Had mild-to-moderate psoriasis on my elbows and scalp since about 2020, which my derm chalked up to stress plus post-op inflammation. Tried everything short of biologics. Nothing cleared it fully. Started compounded sema March 2024 at 241 lbs, switched to brand Zepbound 7.5 last August. Around month four or five I noticed the elbow patches were smaller. By month eight they were almost gone. Scalp still flares but way less than before. I did not start this for skin. I started this because I regained 73 lbs after my 2017 bypass and the shame was eating me alive. The psoriasis improvement was completely incidental. My working theory: tirzepatide has meaningful anti-inflammatory effects, and psoriasis is fundamentally an inflammatory disease. Also, I’ve lost 44 lbs since March 2024, and excess adipose tissue drives systemic inflammation on its own. Can’t isolate the variables. Anyone else with a history of inflammatory skin conditions notice this? Especially curious if post-op folks have a different response given the gut-skin axis is probably rewired after bypass.

The adipose-inflammation link you named is real, but I’d be careful about treating it as the primary driver here. The 44 lb loss alone could reduce systemic IL-6 and TNF-alpha enough to meaningfully quiet a psoriatic response, even without any direct GLP-1/GIP receptor mechanism. The “can’t isolate the variables” framing is exactly right, and I’d gently push back on weighting the tirzepatide pharmacology too heavily before you have a data point from someone who maintained the same weight loss through other means and saw the same skin improvement. The post-op gut-skin axis question is the more interesting thread tbh. Bypass changes bile acid signaling and microbiome composition in ways that could interact with the GIP arm of tirz differently than an intact gut. Whether that amplifies or dampens the inflammatory effect, I genuinely don’t know. Would be curious if your derm has any read on the timing correlation.

The “same weight loss through other means” control is exactly what’s missing and I agree that’s the cleanest argument for humility here.

But the timing is nagging at me: my patches started shrinking around month four or five, when my total loss was maybe 18-20 lbs. Not nothing, but also not the kind of number that typically moves the needle on a chronic inflammatory skin condition ime.

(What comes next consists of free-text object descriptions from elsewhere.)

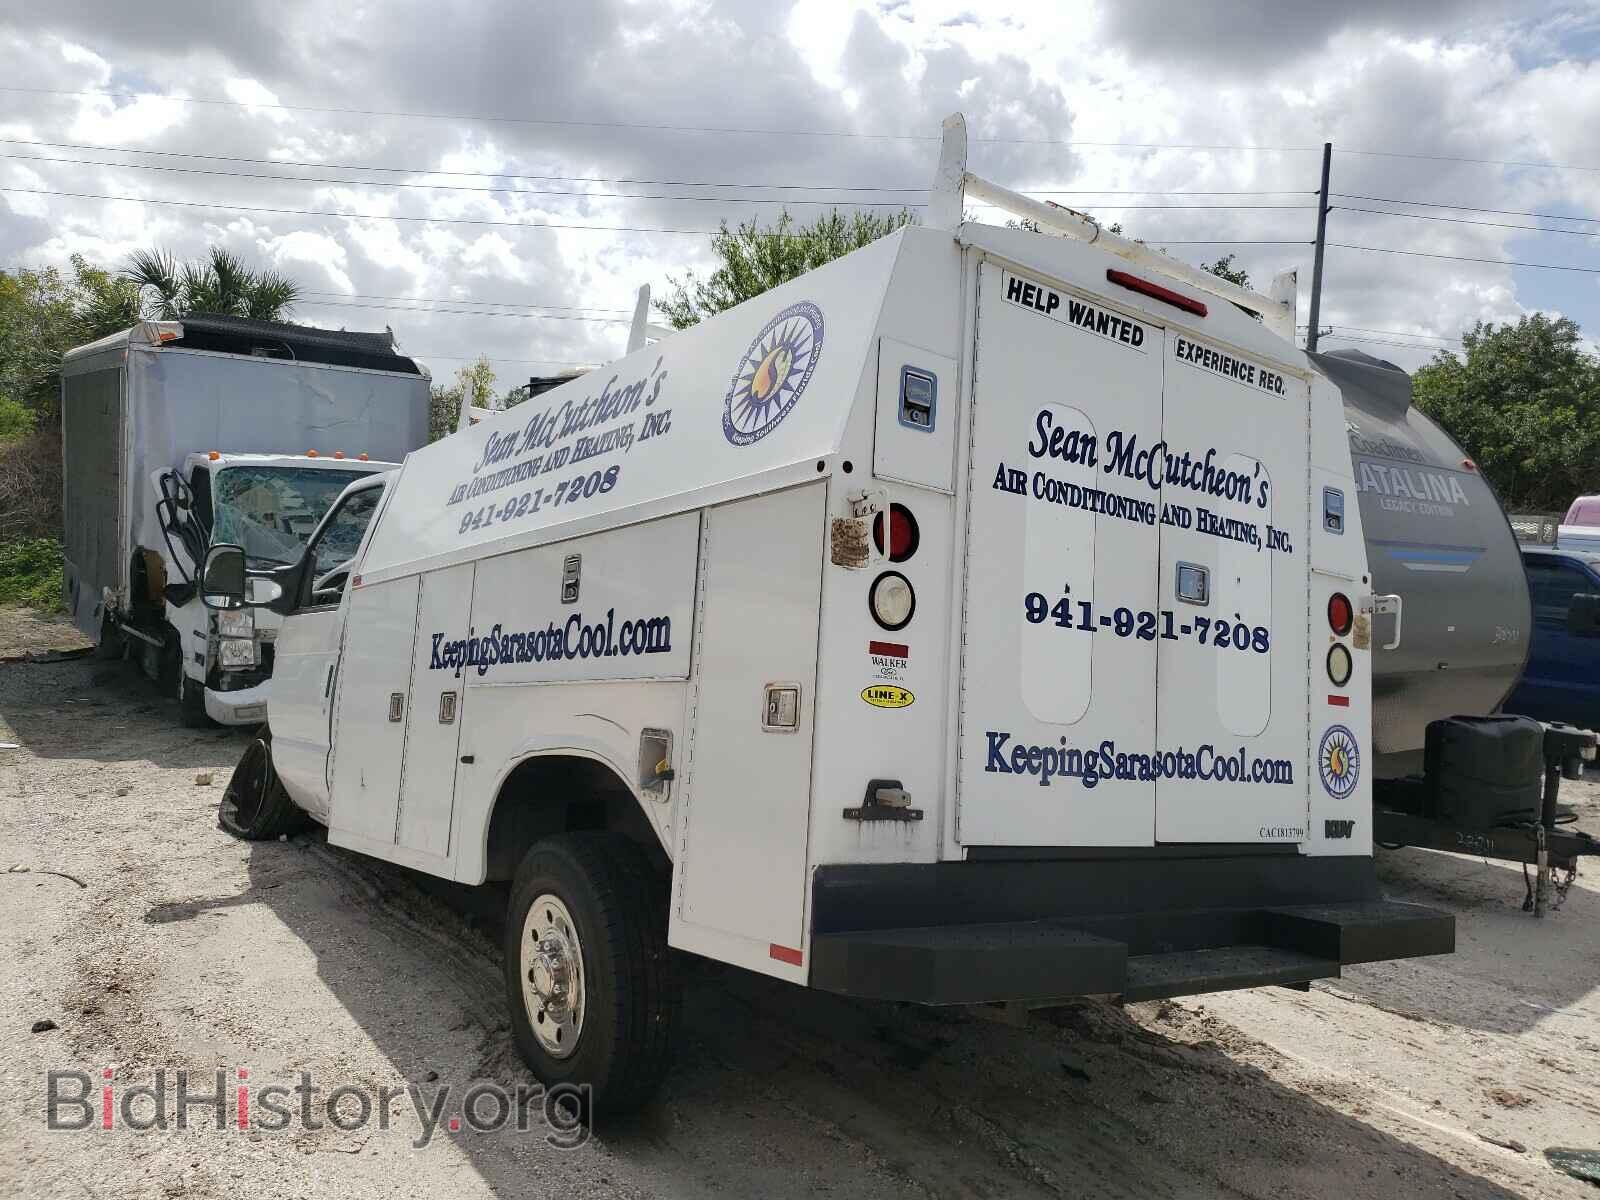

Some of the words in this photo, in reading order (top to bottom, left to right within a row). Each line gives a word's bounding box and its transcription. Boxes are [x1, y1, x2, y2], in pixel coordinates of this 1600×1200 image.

[1007, 277, 1060, 314] HELP
[1069, 300, 1144, 347] WANTED
[1176, 338, 1255, 384] EXPERIENCE
[1258, 369, 1287, 396] REQ.
[473, 431, 520, 474] Sean
[515, 354, 668, 457] McCutcheon's
[1028, 410, 1098, 467] Sean
[1104, 430, 1269, 509] McCutcheon's
[1354, 462, 1470, 506] ATALINA
[458, 464, 621, 535] 941-921-7208
[429, 607, 672, 677] KeepingSarasotaCool.com
[1024, 591, 1270, 654] 941-921-7208
[871, 656, 907, 669] WALKER
[985, 731, 1294, 789] KeepingSarasotaCool.com
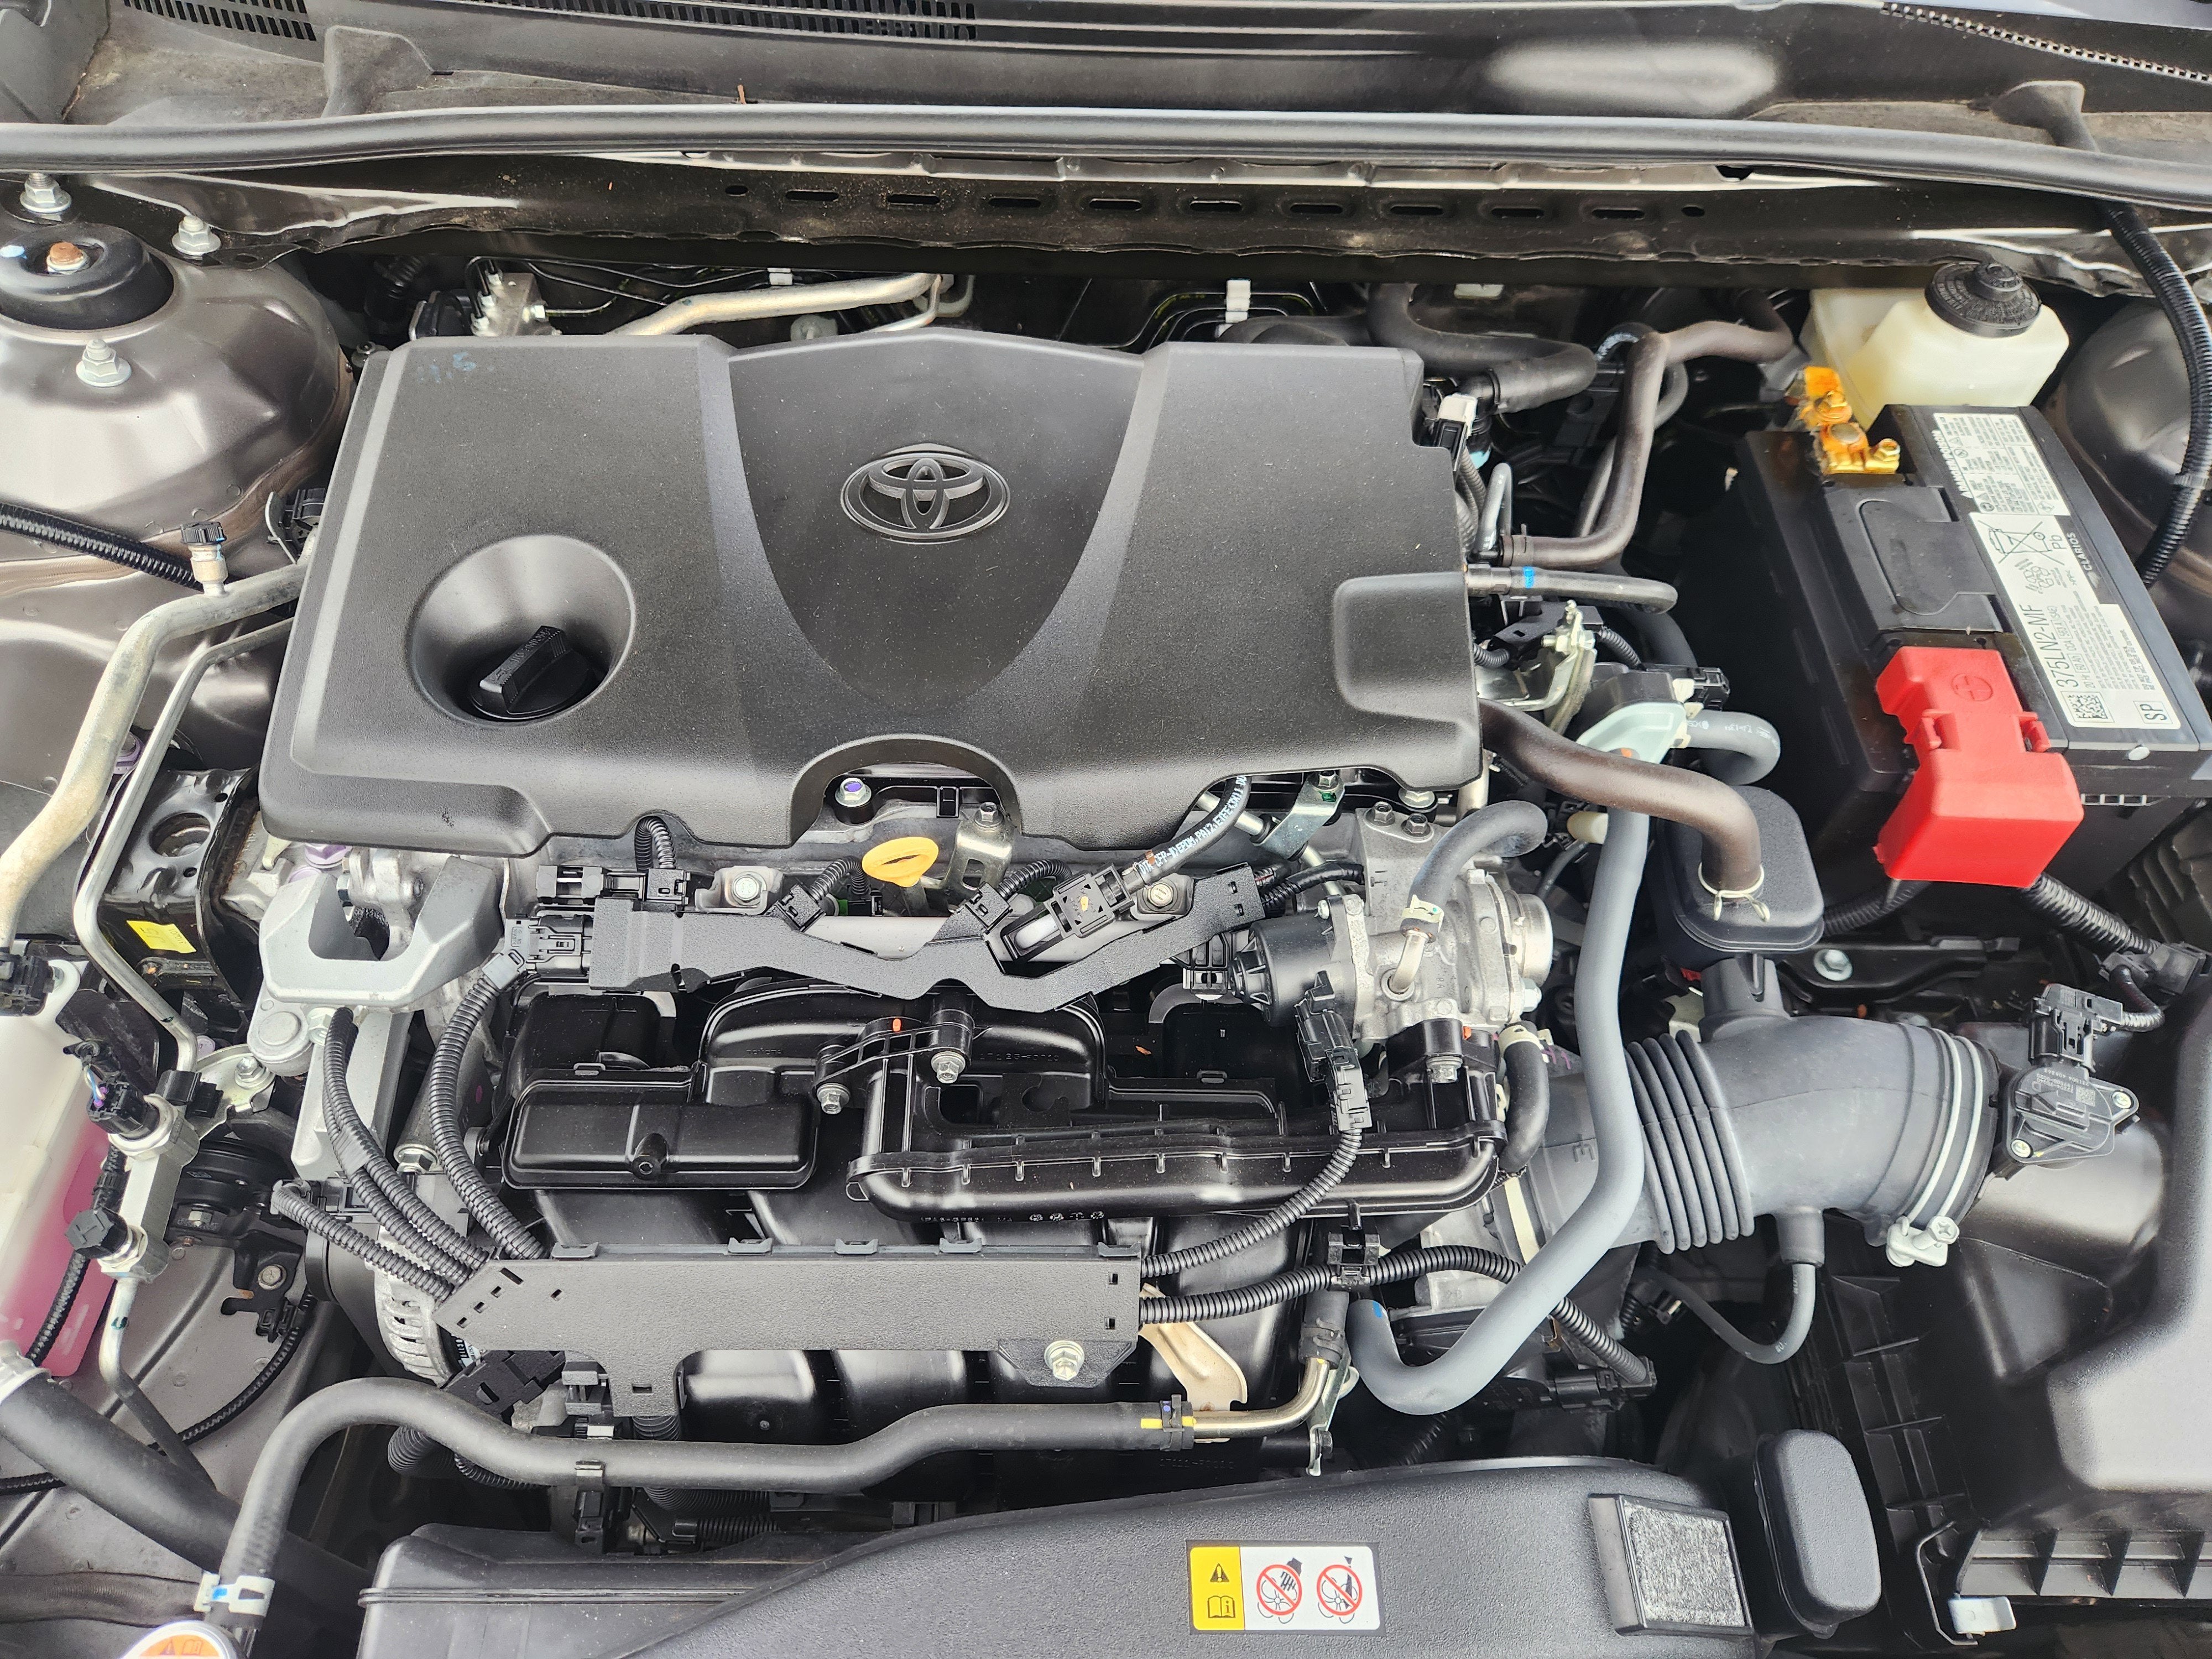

Could still be the weight. Just wouldn’t call it settled

the 18-20 lb timing point is actually the most useful data in this thread, because it’s the part that strains the pure adipose-reduction explanation. there’s a handful of studies showing GLP-1 agonism directly suppresses TNF-alpha and IL-6 independent of weight change, and psoriasis flare severity correlates with both. it’s not the IL-17/IL-23 axis directly, so it’s not a clean mechanism, but “four months in at modest loss” fits the timeline of direct receptor activity better than it fits systemic inflammation from fat loss alone. can’t rule out confounders, but “can’t call it settled” is probably the right place to land.

“can’t isolate the variables” is the honest part of this post and i’d actually push on the inflammatory mechanism claim being load-bearing here. 44 lbs of adipose loss alone moves hs-CRP and IL-6 meaningfully, and psoriasis severity tracks BMI in the literature pretty consistently, so the weight delta is a sufficient explanation before you even need a direct tirz anti-inflammatory effect. the cleaner test would be someone whose psoriasis improved without significant weight loss on a GLP-1, and i haven’t seen that case reported well. also worth flagging: you switched from compounded sema to brand tirz around the time the elbows cleared, so molecule and formulation both changed. messy timeline for causal claims, fwiw.

the bypass piece is what i’d actually sit with longer here, because RYGB already shifts your incretin physiology, postprandial GLP-1 runs higher after bypass than in unoperated patients, so adding a GLP-1/GIP agonist on top is mechanistically a different intervention than starting one in a non-bypass body. that doesn’t undercut the inflammation theory, it just adds another confound on top of the adipose one you already named. the part i’d push on a bit is the sema-then-tirz switch. you spent five months on a GLP-1 mono before going to dual agonism, and the elbow improvement timeline straddles that switch. if the mechanism were purely “GLP-1 class anti-inflammatory” you’d expect the curve to look different from “GIP added to the picture changed something.” can’t tell which from a single timeline, but it’s worth flagging when the next person reads this and assumes tirz specifically did it. really glad the scalp is calmer too.